● Extracted information

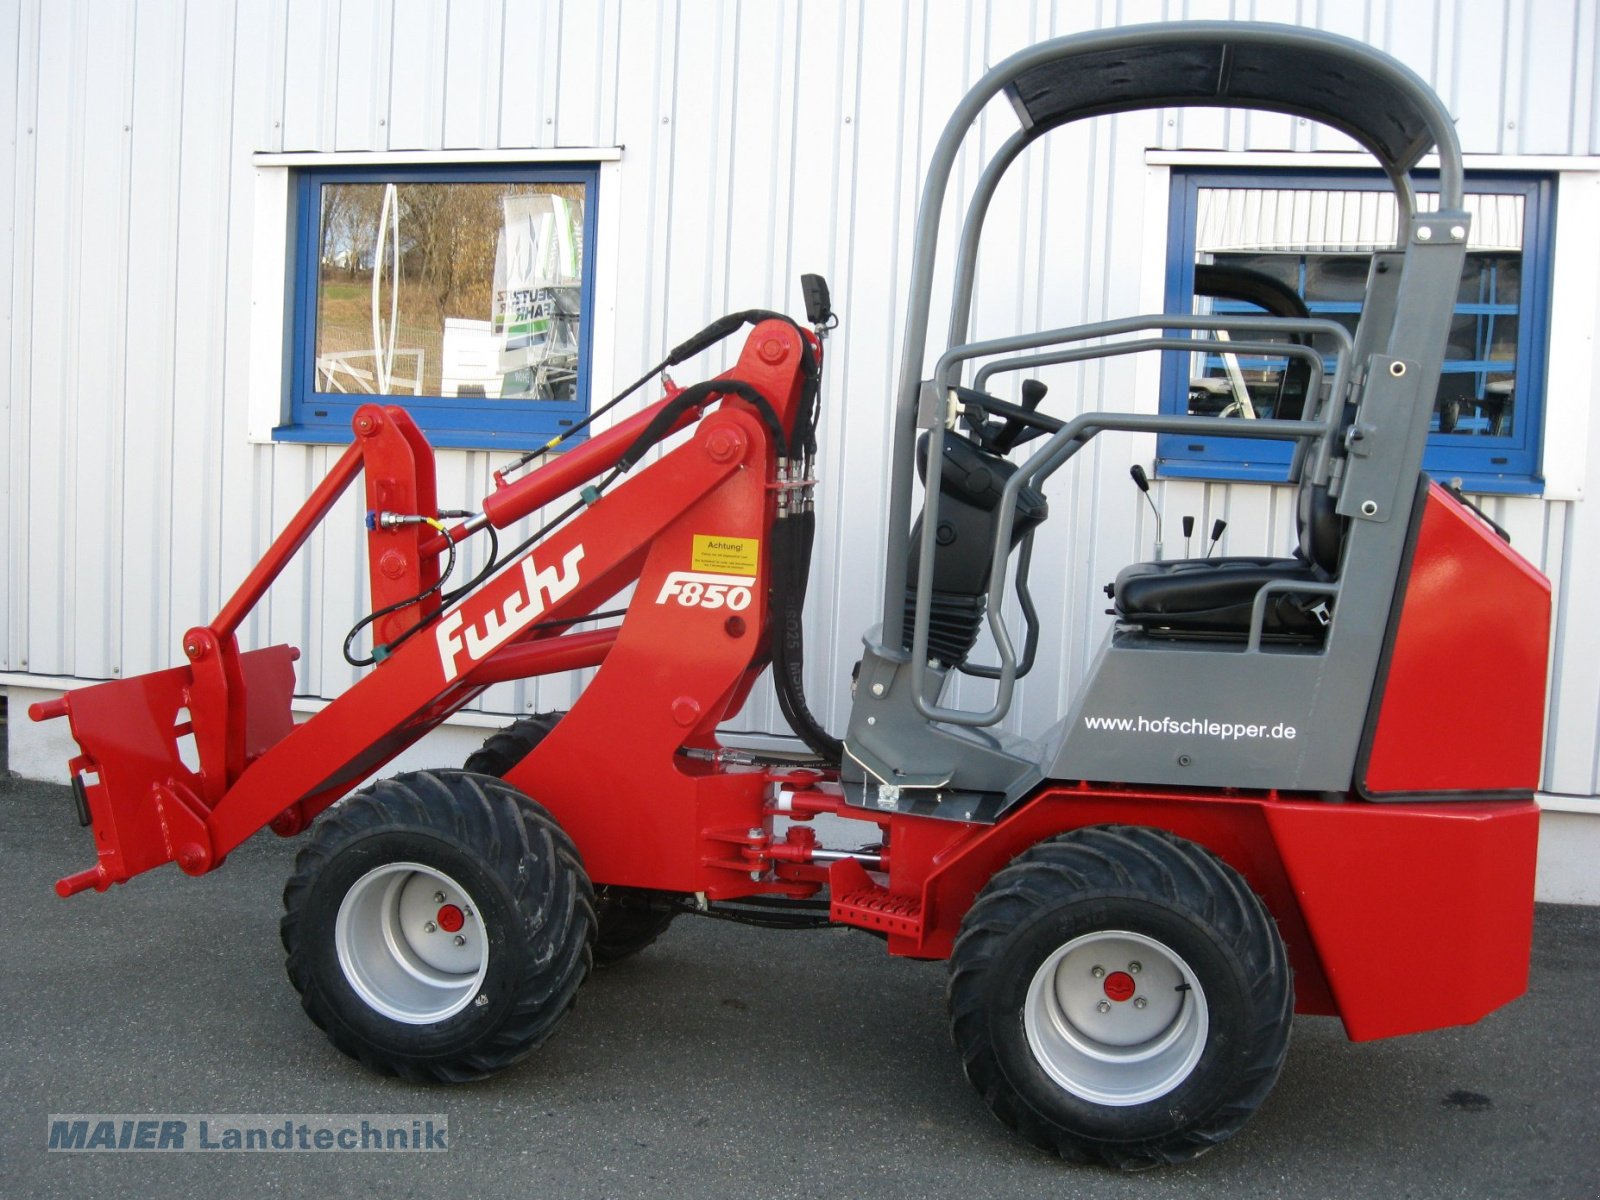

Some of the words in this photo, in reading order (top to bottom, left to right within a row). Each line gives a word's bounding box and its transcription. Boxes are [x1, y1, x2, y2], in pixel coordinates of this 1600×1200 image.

[708, 541, 743, 552] Achtung!
[655, 571, 757, 611] F850
[435, 543, 585, 683] Fuchs
[1084, 716, 1297, 740] www.hofschlepper.de

● Task to complete
Restate every entry above word for word; no picture belongs in the copy.

● Task response
Some of the words in this photo, in reading order (top to bottom, left to right within a row). Each line gives a word's bounding box and its transcription. Boxes are [x1, y1, x2, y2], in pixel coordinates of this 1600×1200 image.

[708, 541, 743, 552] Achtung!
[655, 571, 757, 611] F850
[435, 543, 585, 683] Fuchs
[1084, 716, 1297, 740] www.hofschlepper.de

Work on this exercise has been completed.